Robo-advisors use something called Modern Portfolio Theory to construct a low-cost portfolio of index ETFs that track the stock market as a whole.

What’s the brain-dead easy part? Everything is automated, from rebalancing to dividend reinvestment, even tax efficiency.

Wealthsimple, Canada’s leading robo-advisor, calls it investing on autopilot. That’s exactly what most investors should be doing – focusing on what really matters, making regular contributions and increasing those contributions over time as your budget allows.

Related: Nest Wealth robo-advisor comparison

Here’s the thing. A robo-advisor is a smart solution not just for young Canadians, but also for investors at any age and stage that can benefit from a low-cost and hands-off approach to investing.

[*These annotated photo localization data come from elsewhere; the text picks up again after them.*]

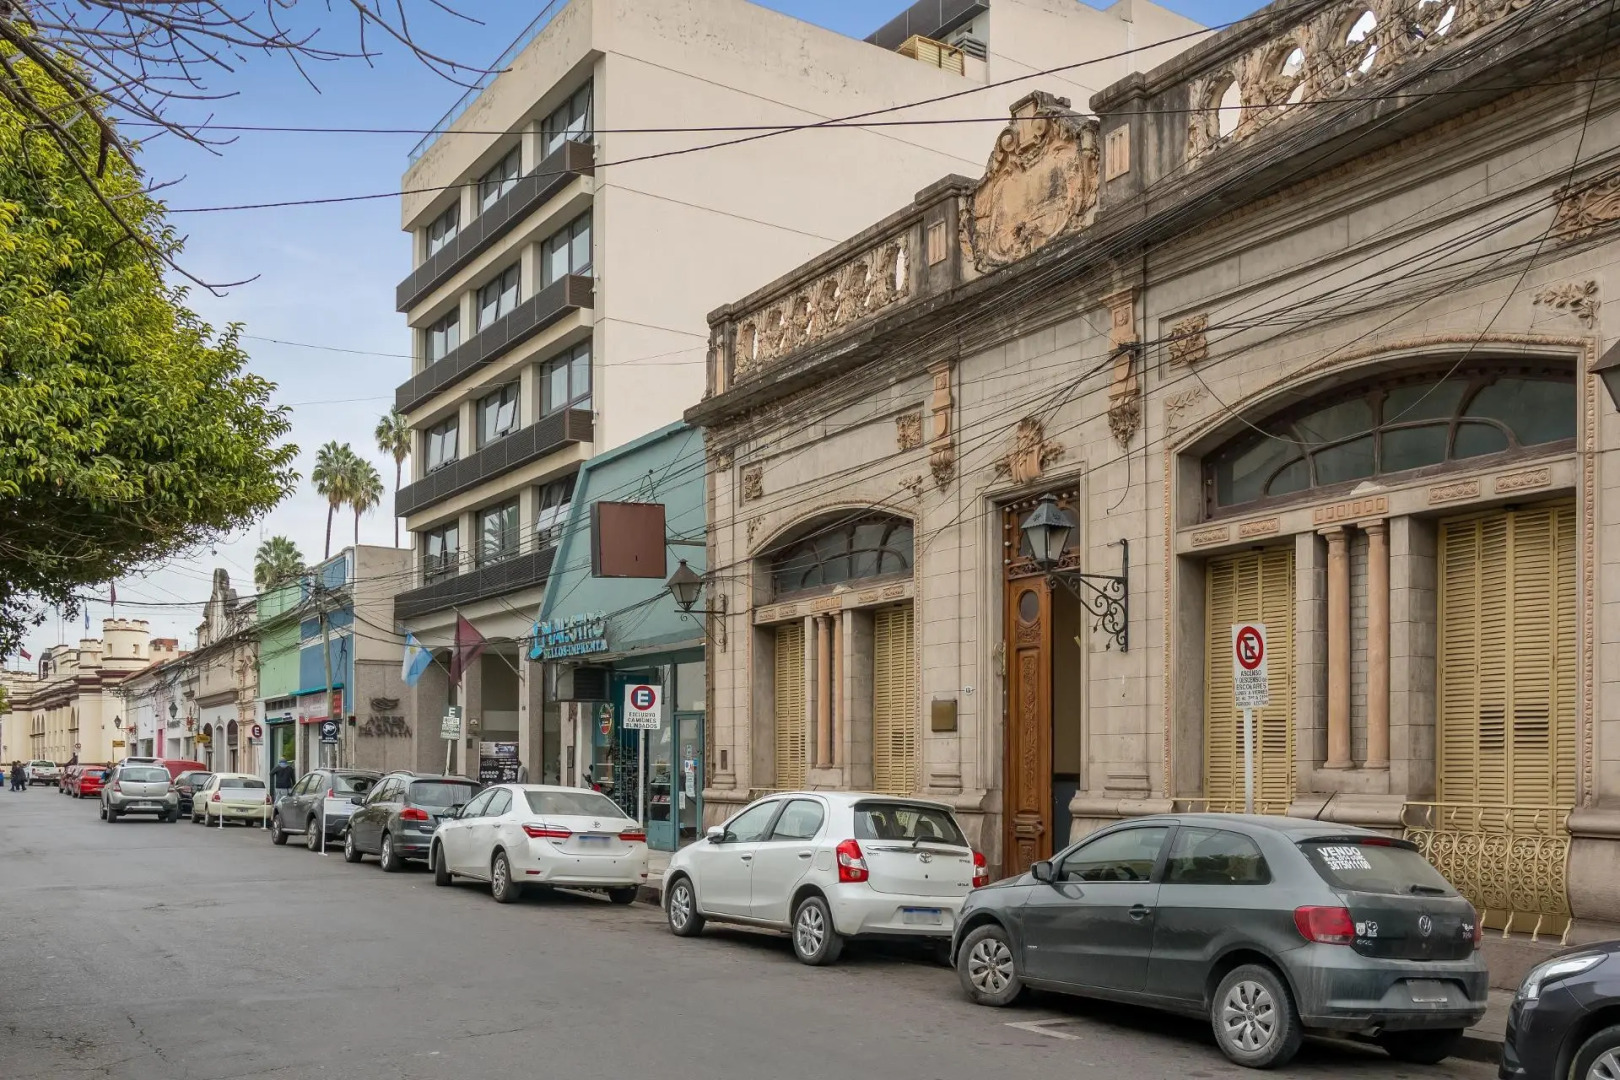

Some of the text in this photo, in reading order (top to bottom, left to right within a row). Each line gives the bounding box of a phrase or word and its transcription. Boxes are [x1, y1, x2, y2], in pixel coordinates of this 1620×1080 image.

[1244, 637, 1257, 659] E
[637, 690, 649, 706] E
[449, 707, 456, 718] E
[254, 726, 260, 736] E
[1316, 846, 1361, 857] VENDO
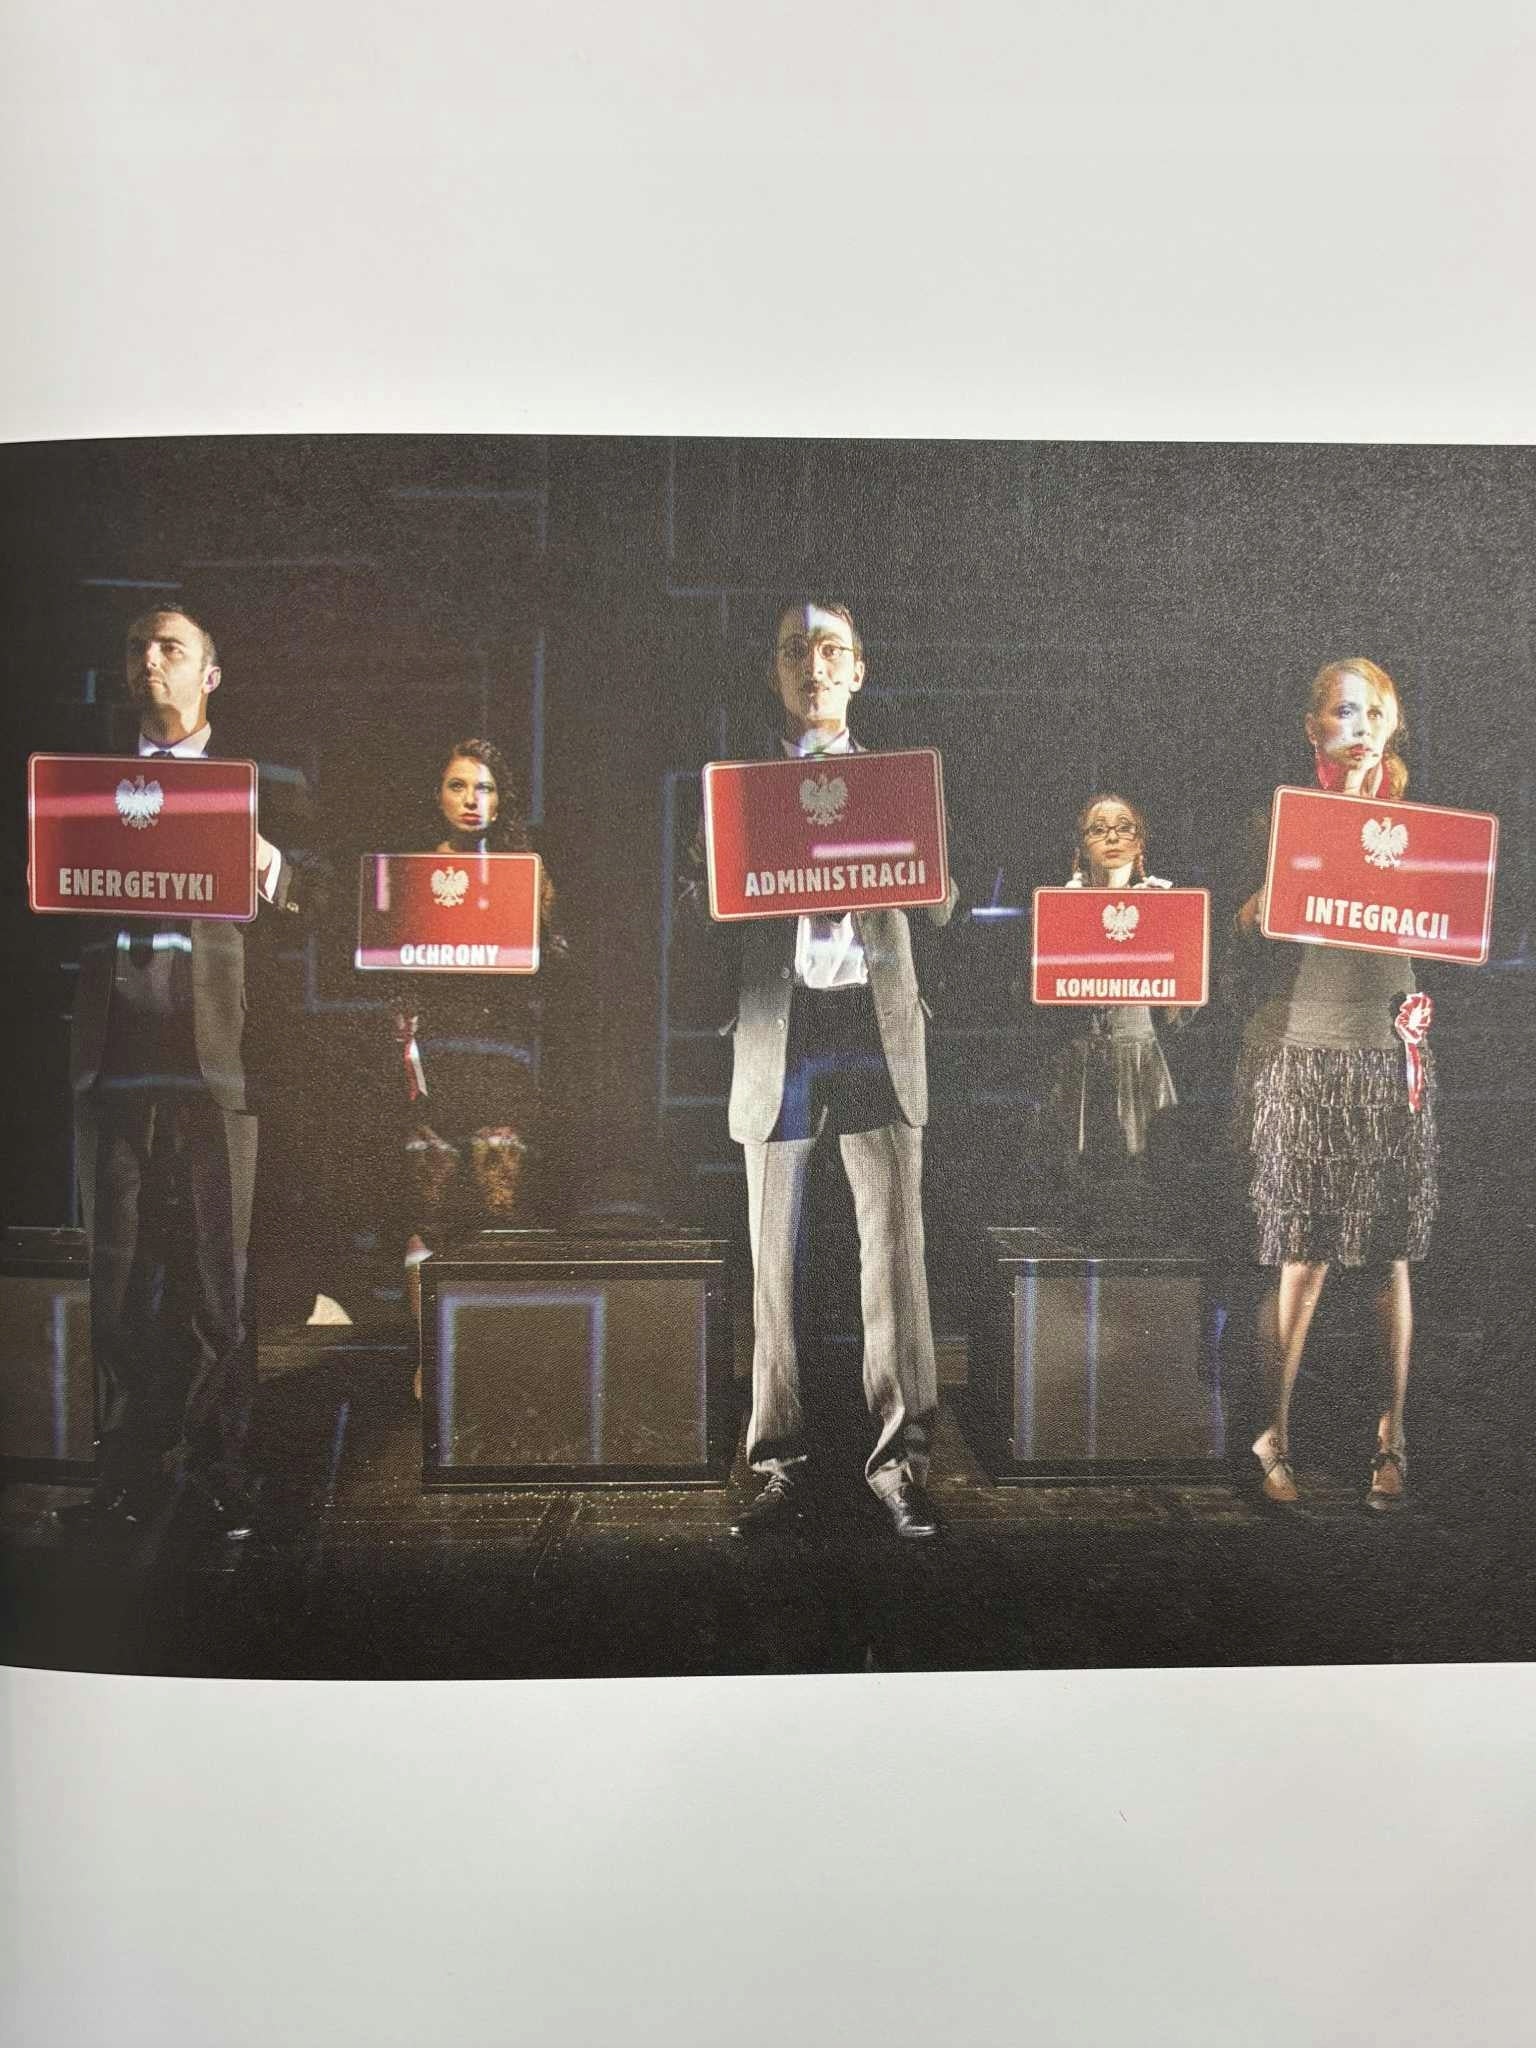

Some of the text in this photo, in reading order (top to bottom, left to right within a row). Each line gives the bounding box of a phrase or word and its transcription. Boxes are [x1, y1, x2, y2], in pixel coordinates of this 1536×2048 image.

[59, 868, 214, 901] ENERGETYKI
[745, 860, 926, 898] ADMINISTRACJI
[1305, 896, 1449, 940] INTEGRACJI
[399, 944, 499, 966] OCHRONY
[1055, 978, 1175, 999] KOMUNIKACJI
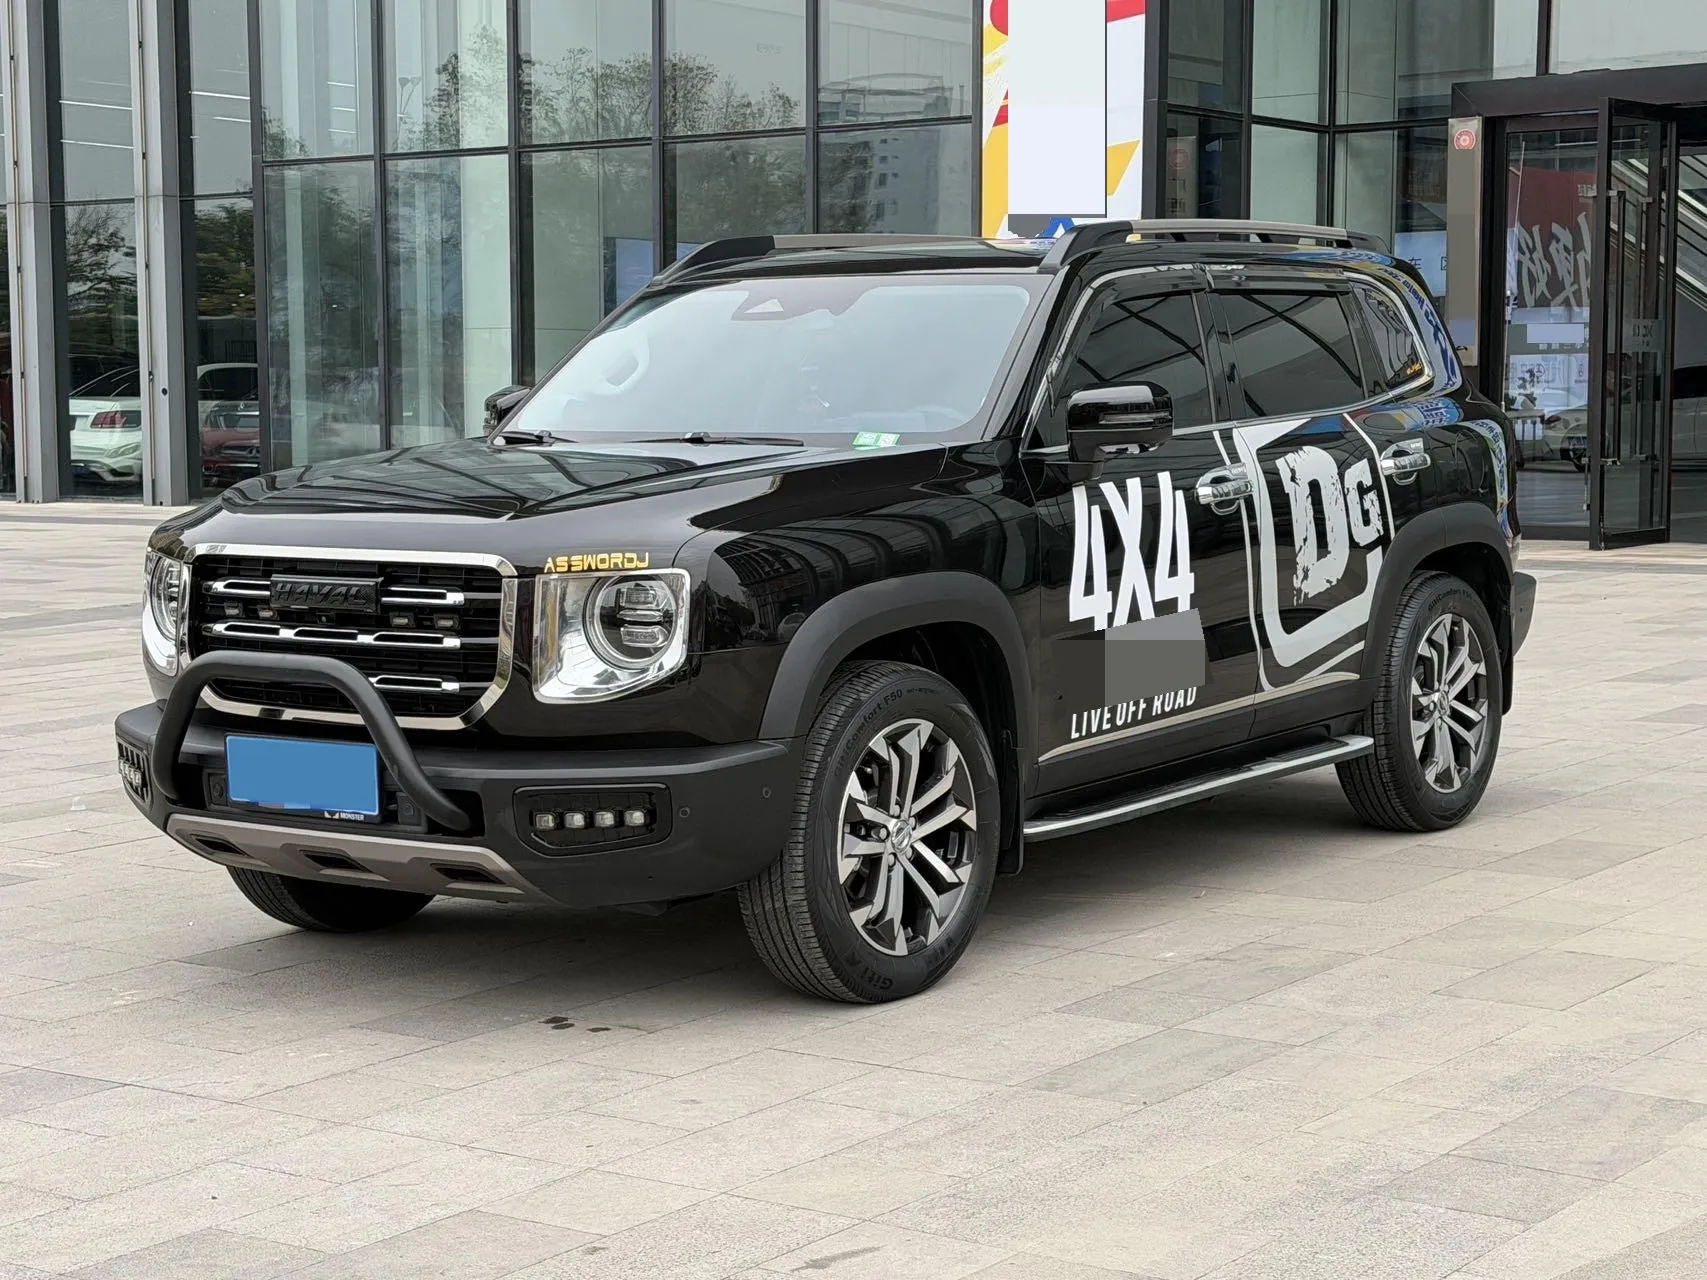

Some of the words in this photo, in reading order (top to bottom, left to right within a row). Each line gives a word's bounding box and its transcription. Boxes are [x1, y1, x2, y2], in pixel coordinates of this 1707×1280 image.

[1069, 471, 1195, 631] 4X4
[275, 583, 367, 605] HAVAL
[1071, 705, 1112, 739] LIVE
[340, 811, 365, 821] MONSTER
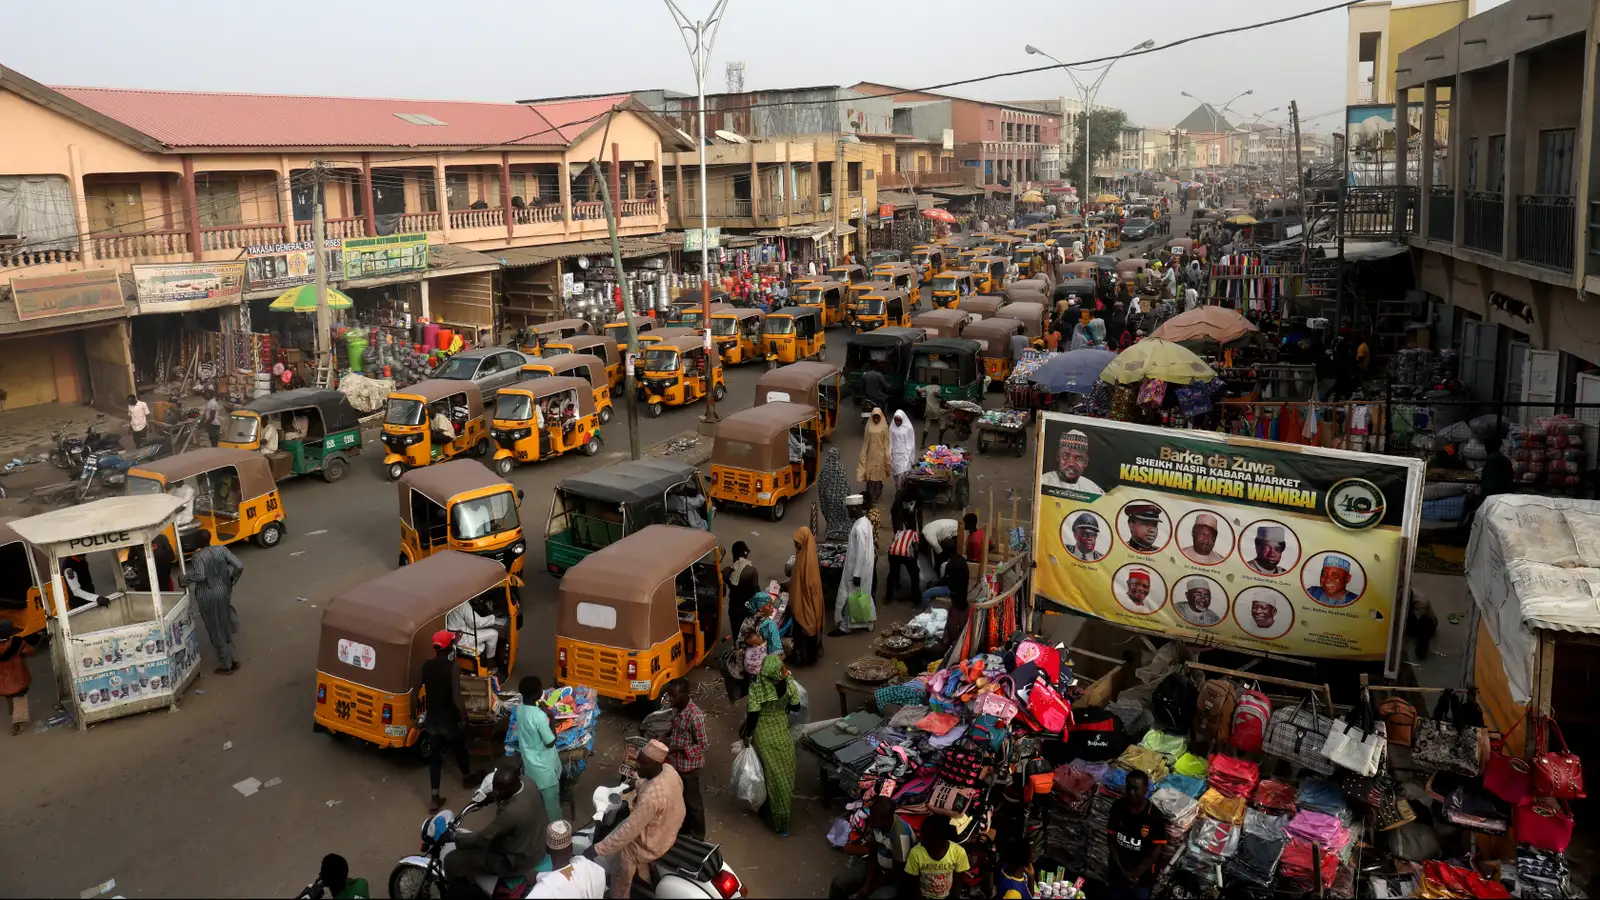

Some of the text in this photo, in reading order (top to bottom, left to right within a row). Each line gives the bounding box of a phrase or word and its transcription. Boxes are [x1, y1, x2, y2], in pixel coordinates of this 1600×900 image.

I know the DIY investing crowd is sceptical of the robo-advisor movement because it adds another layer of costs to something that “anyone can figure out on their own”.

But my years of experience working with clients across Canada suggest that most people aren’t cut out for do-it-yourself investing. They’re nervous about managing their own portfolio and want some guidance, however they’re also savvy enough to be aware of the pitfalls of going to a bank advisor and getting sold a basket of crappy mutual funds that isn’t in their best interest.

Let me tell you that paying somewhere around 0.75 percent all-in for an automated and managed portfolio is so worth it – especially when compared to what you’d get at the bank or from firms like Edward Jones and Investors Group.

So, for the Boomers out there who want their kids to start investing, but watch as their eyes glaze over when they hear you talk about P/E ratios and ex-dividend dates; I have a brain-dead easy solution for them – a robo-advisor.

You’ll thank me 10 minutes later after they’ve opened up and funded their account right from their smart-phone.

The alternative is a generation of investors that either continue to get fleeced by the big banks and their expensive mutual funds, or one that keeps their money in low-interest savings accounts and GICs while inflation slowly eats away at its future buying power.

Robo-advisors are a blessing for this generation of investors – a triple threat that:

  1. Saves investors money by avoiding high-priced mutual funds and sticks with low-cost, broadly diversified ETFs;
  2. Removes human error and judgement by sticking to a pre-determined asset allocation and automatically rebalancing the portfolio whenever it drifts away from that allocation;
  3. Uses passive investing strategies to capture market returns minus a very small fee, rather than relying on active strategies that attempt to beat the market (but rarely do).

Investing doesn’t have to be scary or complicated. You can start investing today with a brain-dead easy solution. These four robo-advisors have even sweetened their offer for Boomer & Echo readers:

Finally, check out the Auto Invest calculator to compare the cost of all the robo-advisors for your particular situation to see which is the best fit for you.

Time to start investing!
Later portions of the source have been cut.